A Saxon Invasion! event was held at Portsmouth City Museum.

Thomas Keeling (11) a pupil at The Waterloo School in Waterlooville, with his sister Sophie Keeling (8) as they look at foods from the 6th and 7th centuries and how they were grown and then eaten ''Picture: Malcolm Wells (132096-4945)

Thomas Keeling (11) a pupil at The Waterloo School in Waterlooville, with his sister Sophie Keeling (8) as they look at foods from the 6th and 7th centuries and how they were grown and then eaten ''Picture: Malcolm Wells (132096-4945)

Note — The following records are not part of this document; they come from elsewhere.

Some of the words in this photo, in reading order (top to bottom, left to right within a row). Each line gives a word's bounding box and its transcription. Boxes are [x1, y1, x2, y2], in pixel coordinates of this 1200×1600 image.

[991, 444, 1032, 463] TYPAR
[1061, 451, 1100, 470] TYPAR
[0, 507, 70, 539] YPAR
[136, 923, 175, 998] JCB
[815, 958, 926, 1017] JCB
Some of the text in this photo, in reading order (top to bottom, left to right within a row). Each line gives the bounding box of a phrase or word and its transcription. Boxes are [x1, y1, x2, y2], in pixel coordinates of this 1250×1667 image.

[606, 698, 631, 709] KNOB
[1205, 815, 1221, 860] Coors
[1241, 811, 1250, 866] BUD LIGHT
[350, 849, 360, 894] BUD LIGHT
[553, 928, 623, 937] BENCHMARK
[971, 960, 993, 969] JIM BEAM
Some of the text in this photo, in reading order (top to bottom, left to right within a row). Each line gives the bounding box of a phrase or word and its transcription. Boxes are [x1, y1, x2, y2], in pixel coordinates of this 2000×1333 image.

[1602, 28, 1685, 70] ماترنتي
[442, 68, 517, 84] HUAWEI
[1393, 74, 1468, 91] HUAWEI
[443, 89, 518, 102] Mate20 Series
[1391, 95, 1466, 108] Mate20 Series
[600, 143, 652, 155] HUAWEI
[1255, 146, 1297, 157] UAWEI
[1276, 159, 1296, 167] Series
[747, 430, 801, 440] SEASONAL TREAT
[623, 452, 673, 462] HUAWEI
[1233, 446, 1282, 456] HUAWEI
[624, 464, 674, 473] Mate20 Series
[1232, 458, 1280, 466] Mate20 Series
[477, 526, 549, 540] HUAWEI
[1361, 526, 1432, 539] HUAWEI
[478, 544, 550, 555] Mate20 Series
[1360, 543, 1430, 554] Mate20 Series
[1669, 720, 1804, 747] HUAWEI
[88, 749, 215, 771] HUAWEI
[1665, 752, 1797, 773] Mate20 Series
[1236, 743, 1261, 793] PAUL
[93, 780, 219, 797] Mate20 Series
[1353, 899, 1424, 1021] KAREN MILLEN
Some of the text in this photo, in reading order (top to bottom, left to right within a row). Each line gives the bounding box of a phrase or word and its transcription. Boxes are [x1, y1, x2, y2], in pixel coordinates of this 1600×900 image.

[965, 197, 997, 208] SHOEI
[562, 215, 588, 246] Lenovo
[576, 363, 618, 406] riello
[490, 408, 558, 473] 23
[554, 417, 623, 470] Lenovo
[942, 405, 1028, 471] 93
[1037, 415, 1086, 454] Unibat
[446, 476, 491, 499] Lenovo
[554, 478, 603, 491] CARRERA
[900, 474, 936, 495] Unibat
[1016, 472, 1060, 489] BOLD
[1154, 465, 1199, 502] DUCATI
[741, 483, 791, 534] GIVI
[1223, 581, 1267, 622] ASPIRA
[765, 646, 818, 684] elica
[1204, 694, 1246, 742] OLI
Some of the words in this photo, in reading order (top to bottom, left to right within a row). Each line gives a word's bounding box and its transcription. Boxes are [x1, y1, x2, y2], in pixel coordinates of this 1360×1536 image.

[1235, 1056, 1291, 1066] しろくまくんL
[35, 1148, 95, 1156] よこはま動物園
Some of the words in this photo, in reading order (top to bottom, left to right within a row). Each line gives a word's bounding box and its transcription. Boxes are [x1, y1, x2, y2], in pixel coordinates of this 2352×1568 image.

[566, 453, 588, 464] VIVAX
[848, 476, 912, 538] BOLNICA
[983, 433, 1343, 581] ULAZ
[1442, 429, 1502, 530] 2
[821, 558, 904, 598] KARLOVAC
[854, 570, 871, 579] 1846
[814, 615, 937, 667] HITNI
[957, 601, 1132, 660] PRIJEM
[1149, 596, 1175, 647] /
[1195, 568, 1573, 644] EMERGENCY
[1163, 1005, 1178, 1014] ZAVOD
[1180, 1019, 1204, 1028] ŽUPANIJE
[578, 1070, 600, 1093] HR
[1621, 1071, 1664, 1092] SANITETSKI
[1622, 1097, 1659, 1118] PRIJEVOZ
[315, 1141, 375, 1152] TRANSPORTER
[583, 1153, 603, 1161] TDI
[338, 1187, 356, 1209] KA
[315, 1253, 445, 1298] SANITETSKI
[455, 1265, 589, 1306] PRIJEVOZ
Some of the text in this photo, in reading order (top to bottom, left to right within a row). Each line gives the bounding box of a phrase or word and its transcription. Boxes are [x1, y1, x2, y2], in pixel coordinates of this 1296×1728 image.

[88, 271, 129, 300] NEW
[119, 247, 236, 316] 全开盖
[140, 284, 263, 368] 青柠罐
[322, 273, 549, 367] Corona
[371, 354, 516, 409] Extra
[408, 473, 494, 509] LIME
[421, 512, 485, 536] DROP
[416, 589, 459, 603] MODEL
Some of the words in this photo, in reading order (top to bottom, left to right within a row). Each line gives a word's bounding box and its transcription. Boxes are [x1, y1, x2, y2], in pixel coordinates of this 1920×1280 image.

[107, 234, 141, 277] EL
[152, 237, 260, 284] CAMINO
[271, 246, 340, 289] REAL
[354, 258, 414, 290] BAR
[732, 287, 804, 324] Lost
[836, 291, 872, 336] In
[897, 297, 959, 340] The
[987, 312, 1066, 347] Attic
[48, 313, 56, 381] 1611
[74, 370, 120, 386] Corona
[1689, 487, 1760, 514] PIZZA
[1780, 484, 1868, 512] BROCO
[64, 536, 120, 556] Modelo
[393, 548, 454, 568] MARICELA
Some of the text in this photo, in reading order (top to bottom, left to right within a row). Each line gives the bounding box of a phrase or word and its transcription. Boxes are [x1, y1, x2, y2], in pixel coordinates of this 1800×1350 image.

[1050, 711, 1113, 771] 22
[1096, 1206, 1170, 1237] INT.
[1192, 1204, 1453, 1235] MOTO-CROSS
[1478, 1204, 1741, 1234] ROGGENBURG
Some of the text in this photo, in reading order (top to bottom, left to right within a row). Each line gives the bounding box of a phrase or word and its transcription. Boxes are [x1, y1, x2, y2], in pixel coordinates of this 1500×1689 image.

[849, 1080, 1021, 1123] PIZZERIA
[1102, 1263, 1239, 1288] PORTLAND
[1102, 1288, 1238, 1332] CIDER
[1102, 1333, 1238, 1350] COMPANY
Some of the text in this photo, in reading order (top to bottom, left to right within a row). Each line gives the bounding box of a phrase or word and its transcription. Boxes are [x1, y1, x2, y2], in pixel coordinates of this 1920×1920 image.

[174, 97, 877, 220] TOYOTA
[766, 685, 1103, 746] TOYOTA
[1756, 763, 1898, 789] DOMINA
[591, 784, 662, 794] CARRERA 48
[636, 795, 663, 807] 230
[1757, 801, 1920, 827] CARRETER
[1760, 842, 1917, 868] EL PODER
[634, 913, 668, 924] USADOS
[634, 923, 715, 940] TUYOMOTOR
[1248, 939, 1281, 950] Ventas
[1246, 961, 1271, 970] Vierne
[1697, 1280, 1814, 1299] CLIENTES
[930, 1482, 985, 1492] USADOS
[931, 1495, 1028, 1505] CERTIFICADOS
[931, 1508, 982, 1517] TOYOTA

Visitors met the first Germanic settlers of Meon Valley, the Meonwara tribe who occupied southern Hampshire, and watched demonstrations of the early medieval period (520-680AD) – often referred to as the Dark Ages.

Weorod, an independent historical re-enactment and living history society, put on displays and demonstrations.

They set up a camp where they did metal and leather work and did an Anglo-Saxon burial demonstration.

Crowds were given an explanation of how it was done.

Thomas Keeling, 11, of Waterloo School in Waterlooville, had a great time tasting food that would have been eaten during the 6th and 7th centuries with his sister Sophie, eight.

The fun-filled occasion was part of the Festival of British Archaeology, a two-week national programme.

Katy Ball, a curator at Portsmouth City Museum, said: ‘It was great.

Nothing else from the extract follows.